WebSphere® Application Server provides the
function to allow a WebSphere Application Server
administrator to perform certificate management operations on System
Authorization Facility (SAF) keyrings by utilizing the (Open Cryptographic
Services Facility) OCSF Data library functions for SAF keyrings.
This task migrates existing configurations and enables writable SAF
keyrings.
Before you begin
This task is used for migrating keystore objects that have
not been enabled for writable support through profile creation. Writable
keyring support is only configurable when running z/OS
® Release
1.9 or at z/OS Release 1.8 with APAR OA22287 - resource
access control facility (RACF
®) (or the APAR for your equivalent
security product) and APAR OA22295 – SAF.
Before starting this task,
the wsadmin tool must be running. See the information about starting
the wsadmin scripting client.
About this task
By default, if writable keyring support is enabled during
profile management, the default keystore configurations are enabled
for writable keyrings. Alternatively, if migrating from a pervious WebSphere Application Server installation,
you can enable writable keyrings for a keystore object using the following
steps.
AdminTask can be used in interactive mode and batch mode.

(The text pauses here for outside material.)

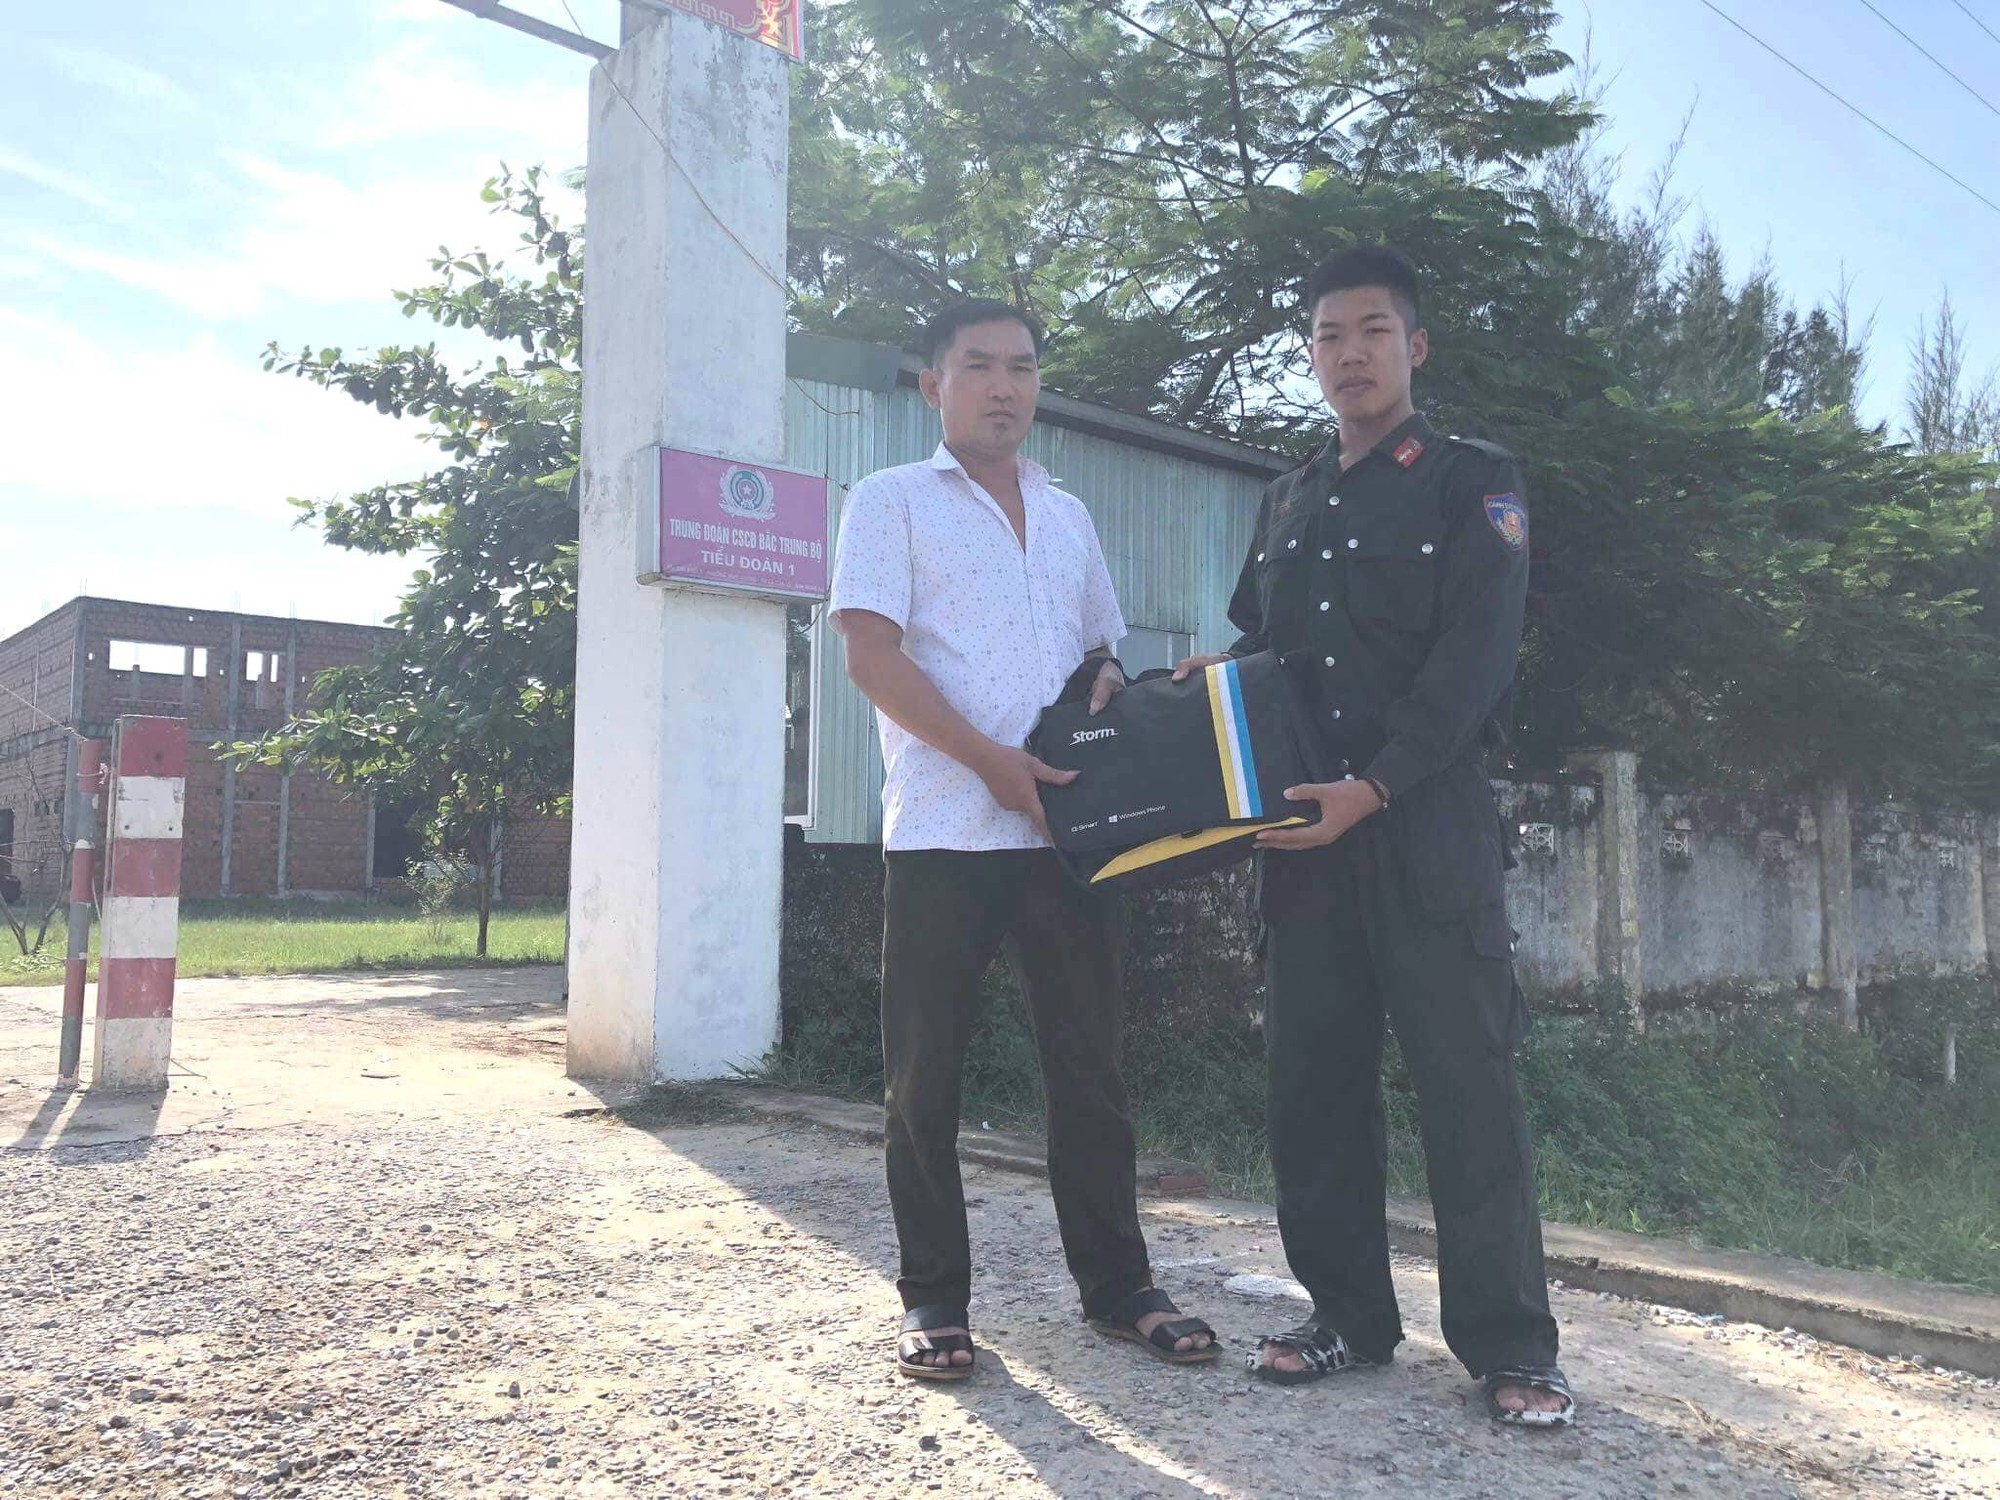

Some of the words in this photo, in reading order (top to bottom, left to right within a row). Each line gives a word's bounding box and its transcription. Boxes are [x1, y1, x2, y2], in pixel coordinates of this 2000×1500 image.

For automation the batch mode options should be used. AdminTask batch
mode can be called in a JACL or Jython script. Interactive mode steps
you through all the parameters the task needs, required ones are marked
with a ‘*'. Before the AdminTask runs the task, it echoes the
batch mode syntax of the task to the screen. This can be helpful when
writing batch mode scripts for automation.
The following attributes
are needed to create writable SAF keyring keystore objects:
- keyStoreName
- controlRegionUser
- servantRegionUser
The interactive mode procedure to enable writable SAF
keyrings is as follows:
Procedure
- Use interactive mode to step through all attributes and
use any default values for attributes (if desired).
The
default value is in ‘[]' on the prompt line. The actual flag
used in batch mode is in ‘()' on each prompt line. If you are
using the default value then the flag will not show up on the batch
command line.
- An example of output from step (1) appears below:
*Keystore Name (keyStoreName): NodeDefaultKeyStore
Management Scope Name (scopeName):
*Control region userid for z/OS (SAF) (controlRegionUser): CRRACFID
*Servant region userid for z/OS (SAF) (servantRegionUser): SRRACFID
Modify keystore for writable SAF support
F (Finish)
C (Cancel)
Select [F, C]: [F] F
WASX7278I: Generated command line: $AdminTask enableWritableKeyrings {-keyStoreName NodeDefaultKeyStore
-controlRegionUser CRRACFID -servantRegionUser SRRACFID })
Results
Two additional keystore objects are created that can be accessed
using the administrative console to perform certificate operations
on the appropriate keyring. The keystore objects are named
your_keystore_name
-CR and
your_keystore_name -SR, where
your_keystore_name is
the name of the keystore specified on the create command.
your_keystore_name
-CR corresponds to the keyring owned by the RACF ID
of the control region process and your_keystore_name -SR corresponds
to the keystore owned by the RACF ID of the servant region process.
These
keystores are created in the same scope as
your_keystore_name and
can be accessed using the administrative console from the
your_keystore_name collection
panel.
What to do next
Accessing writable SAF keyrings
- Click Security > SSL certificate and key management > Manage
endpoint security configurations > {Inbound | Outbound} > ssl_configuration > Key
stores and certificates > [keystore ].
- Under Writable SAF Keyrings, click either Control Region Keyring or Servant
Region Keyring to display the keystore collection panel for either
the control region keyring or servant region keyring, respectively.
- Under Additional Properties, navigate to the certificate collection
panels to perform certificate management operations.